Right, so you’ve got a select statement with multiple cases that are all ready to fire at the same time. What happens? Chaos? Anarchy? A coin flip in the heart of the Go runtime?

Precisely. It’s a coin flip.

This is one of those beautiful, pragmatic, and occasionally infuriating design choices Go makes. The language spec doesn’t dictate a strict, predictable order. Instead, when multiple cases in a select are ready to proceed—meaning multiple channels have data to receive or are ready to send—one is chosen pseudo-randomly. I say “pseudo-randomly” because it’s not truly random (it’s deterministic from the runtime’s perspective), but from your code’s perspective, it’s effectively random. You can’t predict it.
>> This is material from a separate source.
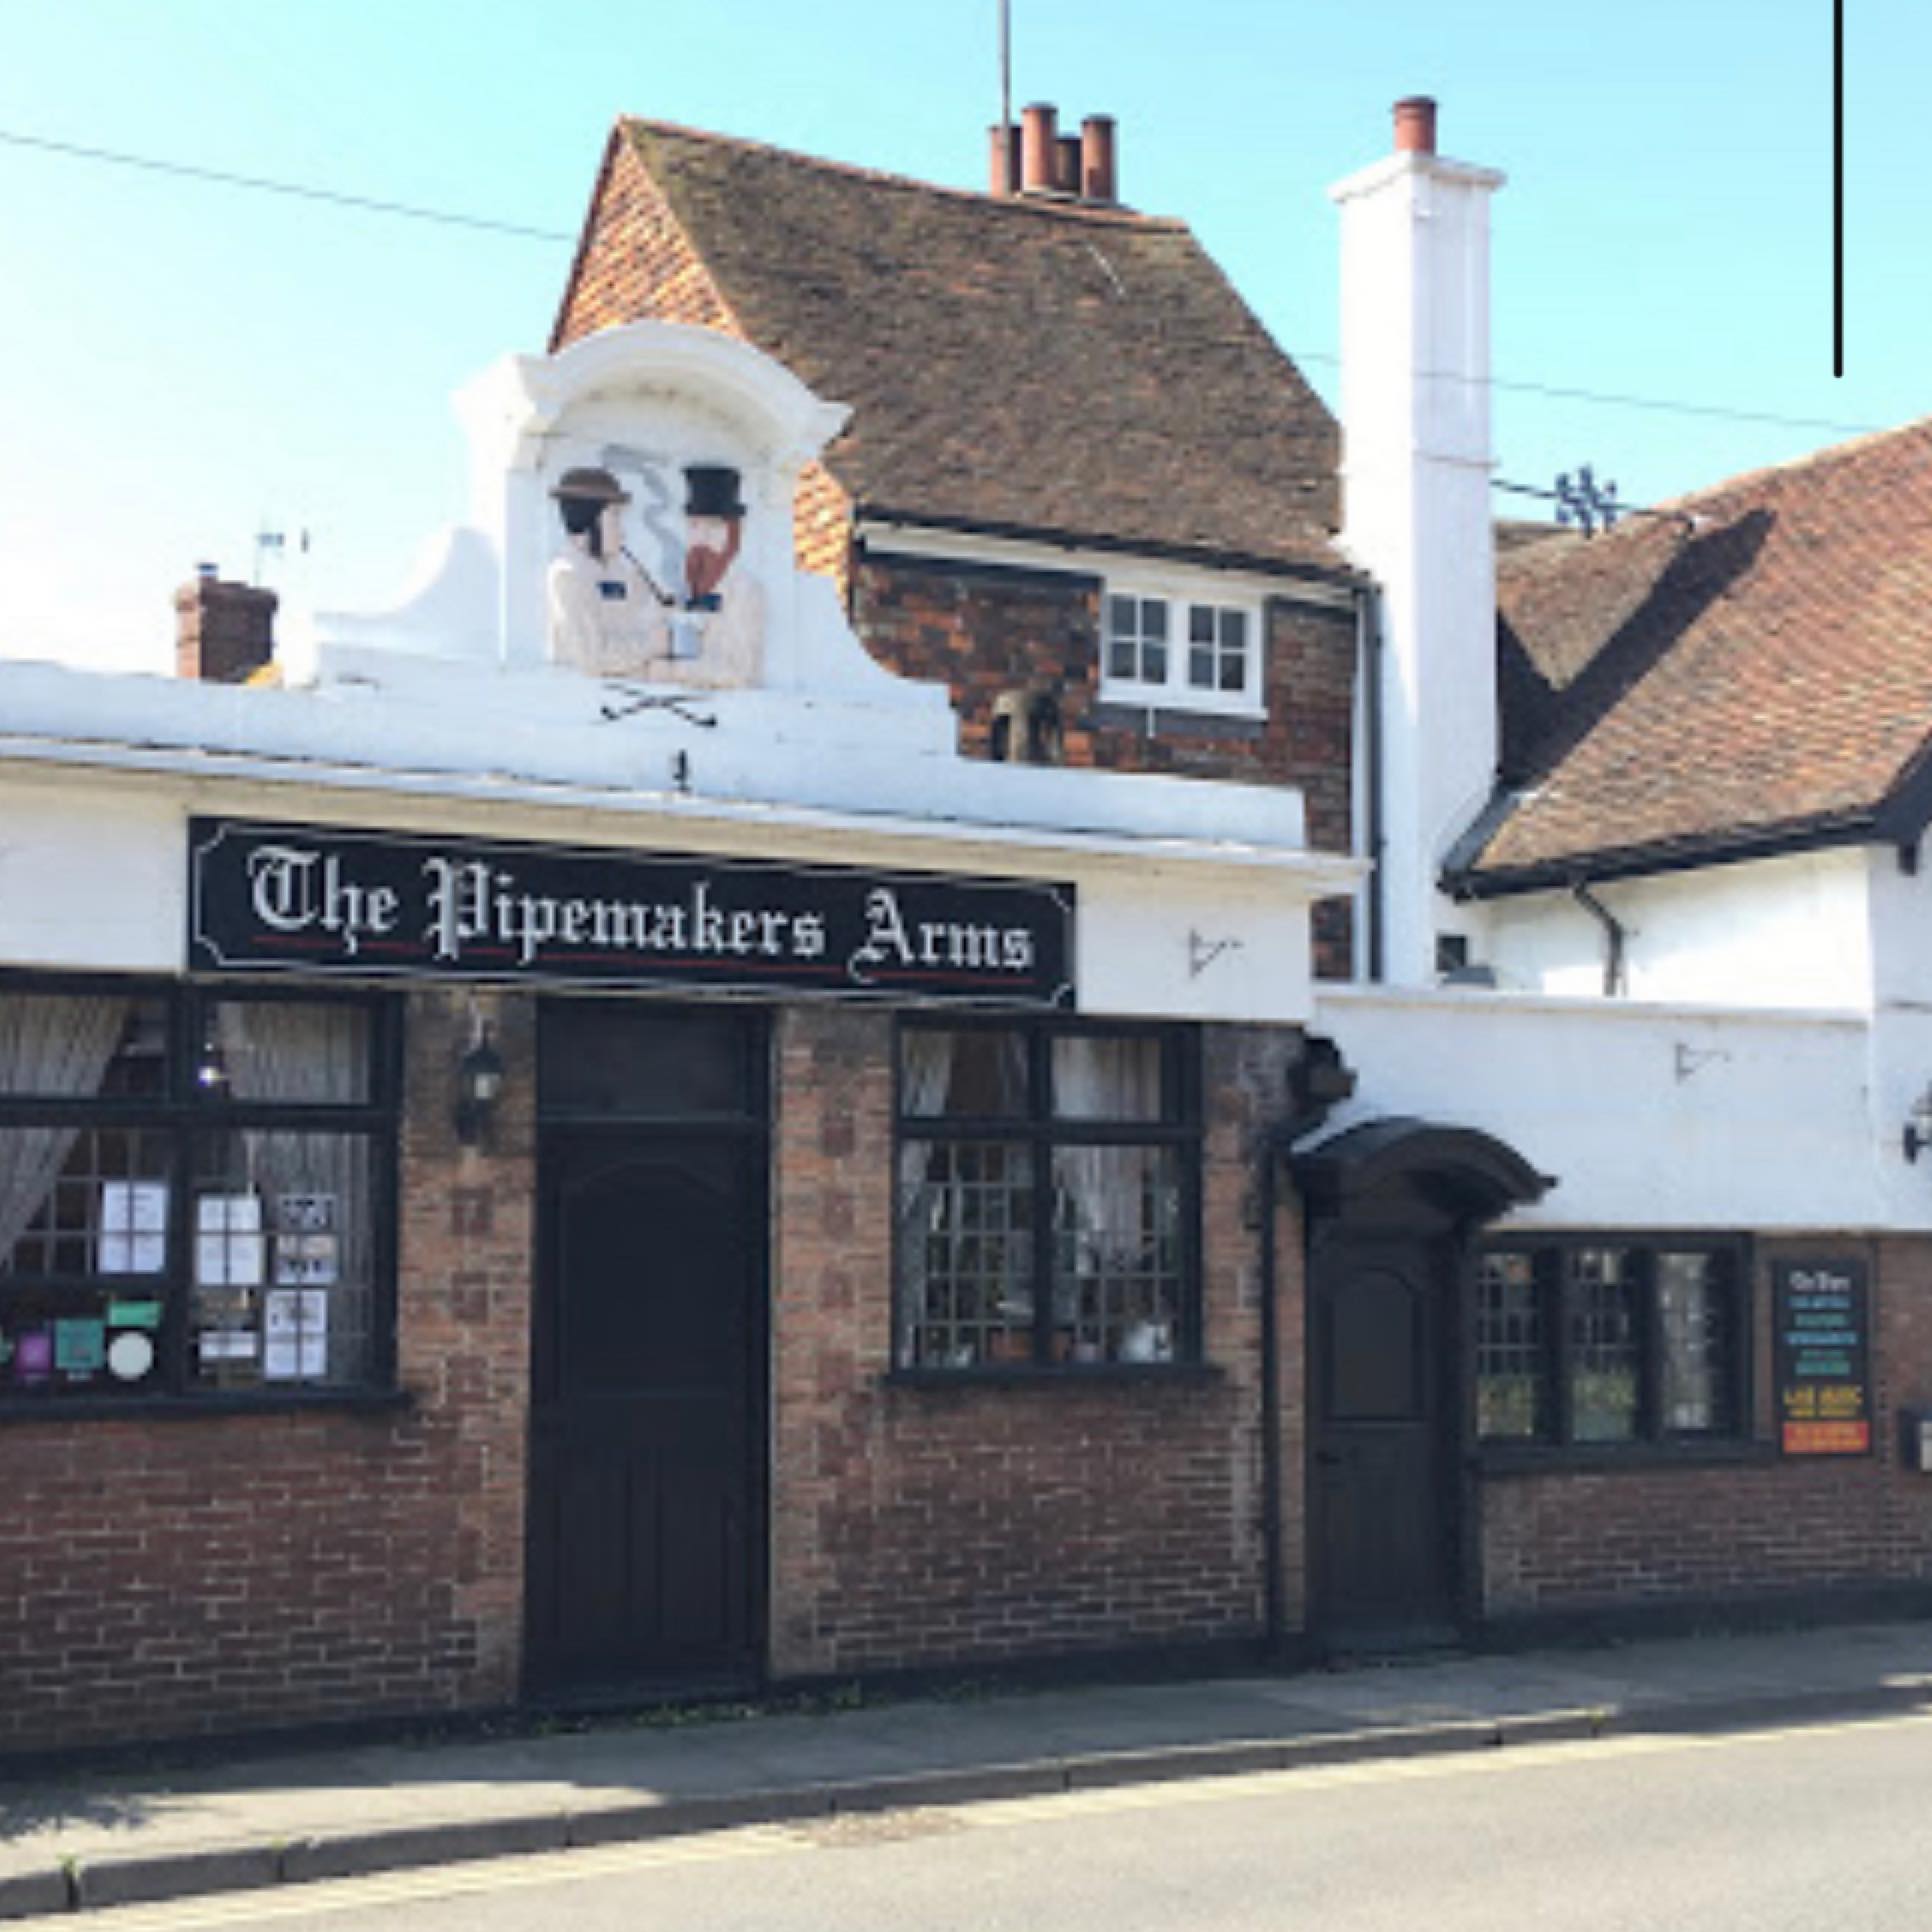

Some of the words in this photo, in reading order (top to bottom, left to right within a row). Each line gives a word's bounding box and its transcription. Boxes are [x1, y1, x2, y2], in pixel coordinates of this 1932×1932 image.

Why Randomization is a Feature, Not a Bug

You might be thinking, “That’s horrifying. I need predictability!” But trust me, you don’t. The alternative is a defined order, which is a trap. If the language defined a fixed order (e.g., top-to-bottom evaluation), you’d inevitably start to write code that unconsciously depended on it. This is a classic source of Heisenbugs—bugs that appear or disappear when you innocently refactor the order of your case statements. The randomization forces you to structure your program correctly from the start. You are forced to assume any ready case can be chosen, which is the only safe assumption. It prevents you from writing lazy, order-dependent code that would break the second another developer glanced at it wrong.
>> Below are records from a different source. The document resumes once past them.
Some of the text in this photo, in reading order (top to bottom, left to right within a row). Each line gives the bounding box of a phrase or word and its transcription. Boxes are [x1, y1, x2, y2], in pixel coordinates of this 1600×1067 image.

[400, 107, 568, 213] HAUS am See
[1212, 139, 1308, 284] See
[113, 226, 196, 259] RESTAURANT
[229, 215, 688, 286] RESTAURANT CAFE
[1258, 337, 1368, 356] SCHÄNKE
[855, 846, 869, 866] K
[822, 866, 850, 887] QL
Seeing the Randomness in Action

Let’s make it dance. The classic way to demonstrate this is to fire off a bunch of goroutines that all complete at roughly the same time.

package main

import (
    "fmt"
    "time"
)

func main() {
    ch1 := make(chan string)
    ch2 := make(chan string)
    ch3 := make(chan string)

    // Launch three goroutines that all close at the same time
    go func() { ch1 <- "one" }()
    go func() { ch2 <- "two" }()
    go func() { ch3 <- "three" }()

    // Give them a moment to all get ready. This is a hack for demonstration.
    // In a real system, they'd be ready due to logic, not a sleep.
    time.Sleep(10 * time.Millisecond)

    select {
    case msg := <-ch1:
        fmt.Println("Received", msg)
    case msg := <-ch2:
        fmt.Println("Received", msg)
    case msg := <-ch3:
        fmt.Println("Received", msg)
    }
}

Run this a few times. You’ll get different outputs. “one”, “two”, “three”—it’s a surprise every time! This proves the point beautifully.

The Cardinal Sin: Trying to Game the System

Never, ever write a select where the logic changes based on which of multiple ready cases is chosen. If you find yourself needing to do this, your design is wrong. The correct solution is almost always to restructure your channels.

A common pitfall is trying to use a select with a default case to check for channel readiness. Remember: default is taken immediately if no other case is ready. If one or more cases are ready, the select will choose one of them pseudo-randomly, and the default case is completely ignored. It doesn’t get a vote.

// This is a non-blocking check.
select {
case msg := <-ch:
    fmt.Println("received", msg)
default:
    fmt.Println("nothing ready") // This only runs if 'ch' is NOT ready.
}
// In the example above, if 'ch' has a message, the default case is never even considered.

When Randomization Doesn’t Apply

It’s crucial to understand when this rule doesn’t come into play. The randomization only happens when multiple cases are ready simultaneously. The most common select you’ll write probably involves one channel operation and a <-ctx.Done().

select {
case data := <-someCh:
    // process data
case <-ctx.Done():
    // handle cancellation
}

In this scenario, it’s extremely rare for both someCh to have data and for the context to be canceled at the exact same instant. It’s not impossible, but it’s a cosmic alignment of events. If it does happen, the runtime will pick one, and you must be comfortable with that. Your program’s logic should be robust enough that either outcome is acceptable. (e.g., if you get data but the context is canceled, maybe you process the data anyway, or perhaps you abandon it and exit. The point is, you’ve consciously decided what to do).